Skip to content

Getting Started

Gabriel Iuhasz edited this page Mar 22, 2018 · 18 revisions

In order to run ADP we must execute the following command:

python dmonadp.py <args>

There are currently two ways of configuring ADT. First we have the command line arguments and second we have the configuration file.

Command Line arguments

$ python dmonadp.py -h
  • h -> This argument will list a short help message detailing some basic usage of for ADT
$ python dmonadp.py -f <file_location>
  • f -> This argument will ensure that the selected configuration file is loaded.
$ python dmonadp.py -e <es_endpoint>
  • e -> This argument allows the setting for the elasticsearch endpoint.

NOTE: It is important to note that in future versions ADT will be integrated with DMon and will be able to query the DMon query endpoint not just the elasticsearch one.
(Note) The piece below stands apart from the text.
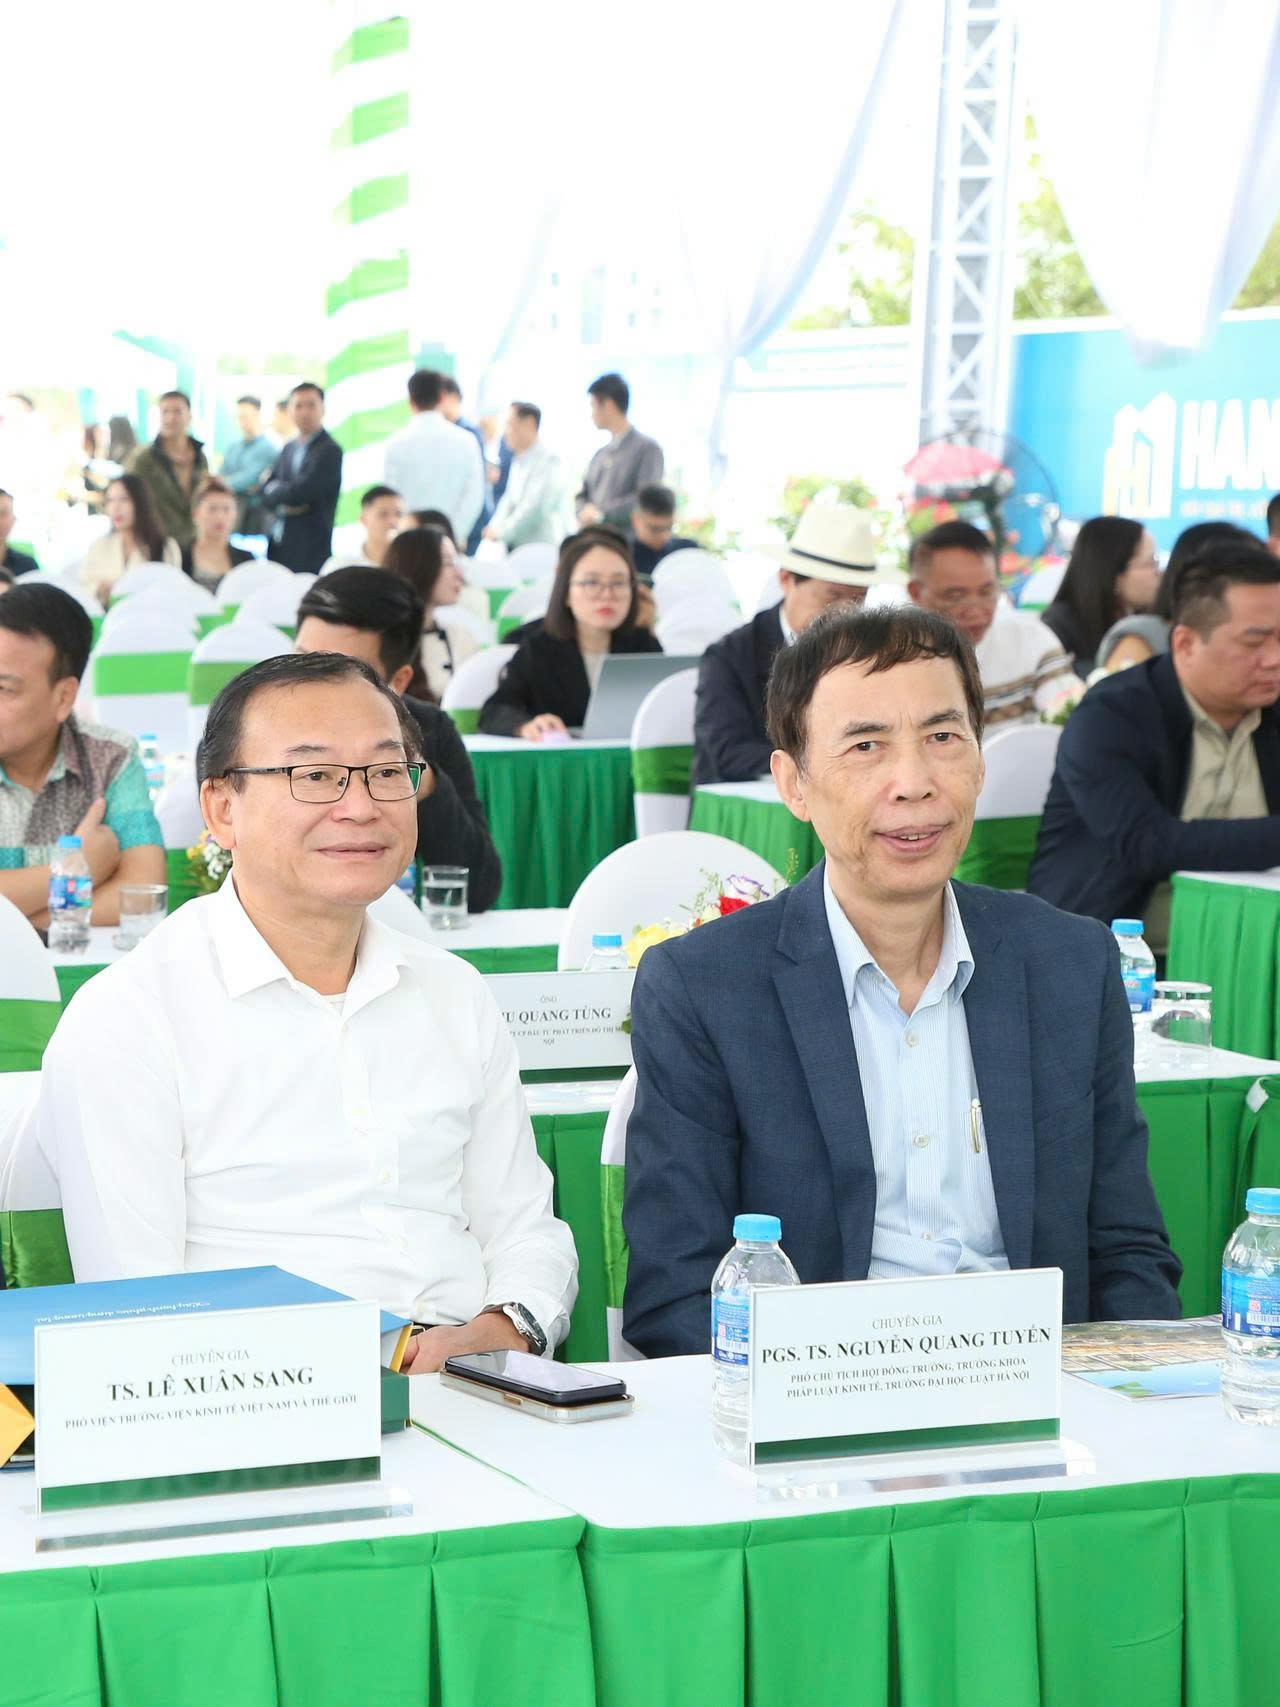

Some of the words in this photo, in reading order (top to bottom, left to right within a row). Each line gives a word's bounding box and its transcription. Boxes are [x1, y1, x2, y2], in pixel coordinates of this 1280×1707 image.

$ python dmonadp.py -a <es_query> -t -m <method_name> -v <folds> -x <model_name>
  • a -> This represents the query that is to be issued to elasticsearch. The resulting data will be used for training. The query is a standard elasticsearch query containing also the desired timeframe for the data.

  • t -> This instructs ADT to initiate the training of the predictive model.

  • m -> This represents the name of the method used to create the predictive model.

  • v -> This instructs ADT to run cross validation on the selected model for a set of defined folds.

  • x -> This allows the exporting of the predictive model in PMML format.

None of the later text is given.